WORK TO BE COMPLETED>
With spelling and spacing unchanged, write out each line of the material.
*** Opening AVAILABLE DATA ***
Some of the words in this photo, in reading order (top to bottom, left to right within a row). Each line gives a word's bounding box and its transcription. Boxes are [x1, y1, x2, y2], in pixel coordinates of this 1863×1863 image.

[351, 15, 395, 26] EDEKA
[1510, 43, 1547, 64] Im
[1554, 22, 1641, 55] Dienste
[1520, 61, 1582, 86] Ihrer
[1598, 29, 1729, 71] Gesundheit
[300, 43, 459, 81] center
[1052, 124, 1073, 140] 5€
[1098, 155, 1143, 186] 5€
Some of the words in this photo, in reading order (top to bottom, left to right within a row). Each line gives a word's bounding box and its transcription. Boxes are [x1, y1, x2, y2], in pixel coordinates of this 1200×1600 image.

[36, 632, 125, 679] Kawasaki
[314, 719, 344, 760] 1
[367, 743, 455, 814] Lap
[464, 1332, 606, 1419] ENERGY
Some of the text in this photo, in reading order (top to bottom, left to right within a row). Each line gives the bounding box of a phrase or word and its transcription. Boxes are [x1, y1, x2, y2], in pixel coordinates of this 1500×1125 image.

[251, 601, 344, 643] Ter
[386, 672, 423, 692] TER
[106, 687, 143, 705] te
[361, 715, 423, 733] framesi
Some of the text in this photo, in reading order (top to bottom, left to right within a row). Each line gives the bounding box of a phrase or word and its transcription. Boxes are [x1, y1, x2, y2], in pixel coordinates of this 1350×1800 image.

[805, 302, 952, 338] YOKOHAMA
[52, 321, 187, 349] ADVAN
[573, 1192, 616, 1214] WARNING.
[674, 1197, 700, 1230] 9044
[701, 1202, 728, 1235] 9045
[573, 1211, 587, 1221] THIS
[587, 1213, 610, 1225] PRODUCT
*** Closing AVAILABLE DATA ***
RESPONSE>
Some of the words in this photo, in reading order (top to bottom, left to right within a row). Each line gives a word's bounding box and its transcription. Boxes are [x1, y1, x2, y2], in pixel coordinates of this 1863×1863 image.

[351, 15, 395, 26] EDEKA
[1510, 43, 1547, 64] Im
[1554, 22, 1641, 55] Dienste
[1520, 61, 1582, 86] Ihrer
[1598, 29, 1729, 71] Gesundheit
[300, 43, 459, 81] center
[1052, 124, 1073, 140] 5€
[1098, 155, 1143, 186] 5€
Some of the words in this photo, in reading order (top to bottom, left to right within a row). Each line gives a word's bounding box and its transcription. Boxes are [x1, y1, x2, y2], in pixel coordinates of this 1200×1600 image.

[36, 632, 125, 679] Kawasaki
[314, 719, 344, 760] 1
[367, 743, 455, 814] Lap
[464, 1332, 606, 1419] ENERGY
Some of the text in this photo, in reading order (top to bottom, left to right within a row). Each line gives the bounding box of a phrase or word and its transcription. Boxes are [x1, y1, x2, y2], in pixel coordinates of this 1500×1125 image.

[251, 601, 344, 643] Ter
[386, 672, 423, 692] TER
[106, 687, 143, 705] te
[361, 715, 423, 733] framesi
Some of the text in this photo, in reading order (top to bottom, left to right within a row). Each line gives the bounding box of a phrase or word and its transcription. Boxes are [x1, y1, x2, y2], in pixel coordinates of this 1350×1800 image.

[805, 302, 952, 338] YOKOHAMA
[52, 321, 187, 349] ADVAN
[573, 1192, 616, 1214] WARNING.
[674, 1197, 700, 1230] 9044
[701, 1202, 728, 1235] 9045
[573, 1211, 587, 1221] THIS
[587, 1213, 610, 1225] PRODUCT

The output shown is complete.